Сразу понял: что-то случилось… Но что?..

Глянул вправо–влево: все на месте. Всё, вроде, в порядке. Так почему беспокойство?..

Сел. Бугры плеч вдруг показались невероятно тяжёлыми, лишними. Зачем ему такие ручищи – с тулово Первуши или Веселяя?..

О чём думал он раньше? О множестве миров, разнящихся одним каким – либо событием?.. Об одной–единственной чуткой яви?.. Убрал он Тугарина, и явь отозвалась: пропали оборотни. Что ни дальше, то их жальче…

Думал о том, что земля – не сама по себе. Она принадлежит небу – его частичка, его пылинка.

Стоит ли придавать значение тому, что на земле происходит? Видимо, стоит – он видит, когда захочет, всеобщую переплетённость, взаимную зависимость.

Но смысл земных событий – там, выше, между звёздами…

И человек – не весь на земле. Не вся его жизнь – в голоде, в желании любви, богатства и власти.

Сбрасывая грубое тело, он рождается, становится самим собой…
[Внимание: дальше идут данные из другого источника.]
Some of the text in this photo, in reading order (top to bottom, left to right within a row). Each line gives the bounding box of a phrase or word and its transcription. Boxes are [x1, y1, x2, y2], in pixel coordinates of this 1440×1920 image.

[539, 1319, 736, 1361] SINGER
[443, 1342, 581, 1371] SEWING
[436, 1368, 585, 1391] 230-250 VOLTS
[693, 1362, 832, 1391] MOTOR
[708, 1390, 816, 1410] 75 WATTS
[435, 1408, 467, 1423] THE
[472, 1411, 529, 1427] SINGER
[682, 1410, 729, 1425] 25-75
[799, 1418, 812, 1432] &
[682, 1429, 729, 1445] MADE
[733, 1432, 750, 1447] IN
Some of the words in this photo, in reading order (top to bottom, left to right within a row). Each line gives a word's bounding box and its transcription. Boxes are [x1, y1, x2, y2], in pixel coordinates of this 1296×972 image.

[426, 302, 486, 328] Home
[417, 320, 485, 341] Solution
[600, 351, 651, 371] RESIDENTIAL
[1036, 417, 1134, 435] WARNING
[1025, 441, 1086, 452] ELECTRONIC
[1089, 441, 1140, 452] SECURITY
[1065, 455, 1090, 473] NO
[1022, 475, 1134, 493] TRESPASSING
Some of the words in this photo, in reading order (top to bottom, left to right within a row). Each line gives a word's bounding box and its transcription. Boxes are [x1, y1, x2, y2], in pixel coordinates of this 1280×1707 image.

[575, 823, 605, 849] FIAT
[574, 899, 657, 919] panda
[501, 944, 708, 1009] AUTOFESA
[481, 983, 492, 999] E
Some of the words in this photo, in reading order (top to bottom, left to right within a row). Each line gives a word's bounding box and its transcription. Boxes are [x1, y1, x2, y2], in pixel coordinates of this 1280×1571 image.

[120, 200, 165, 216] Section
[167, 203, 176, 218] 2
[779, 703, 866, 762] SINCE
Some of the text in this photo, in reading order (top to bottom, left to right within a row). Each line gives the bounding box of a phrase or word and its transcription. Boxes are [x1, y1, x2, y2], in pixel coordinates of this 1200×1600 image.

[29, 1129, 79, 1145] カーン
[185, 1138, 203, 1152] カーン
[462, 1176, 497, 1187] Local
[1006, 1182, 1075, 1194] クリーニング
Хотя, может, не так? Может, люди существуют всегда – несотворотимы, неуничтожимы? Главная часть любого – в небе. А здесь, внизу, - только сгущение, слипание летучих частиц. Противовес, якорь для вышней воспарённости. Средство – через тяжесть и униженность земную – сдержать себя, собрать, сохранить в цельности…

Может быть, такой – телесный – сдерживатель у каждого не один? Может быть, в других мирах – другие тела, как якори?..

А если отказаться от них? Возликовать, воспарить, не ограничиваясь?..

Не распадётся ли тогда небесный человек на бесчисленные семена жизни? Не повторится ли, неумирающий, в каждом семени?..

Но почему думается только о людских телах? Не могут ли быть якорями тела зверей и растений? Сколько нужно таких зацепок тяжёлых, чтобы себя сдержать, сохранить?..

Благородный пардус – тоже он, Василёк, его частица?

И какой–нибудь гриб лесной – тоже он?..

Мысли несутся – важные, нужные. Но додумывать их некогда.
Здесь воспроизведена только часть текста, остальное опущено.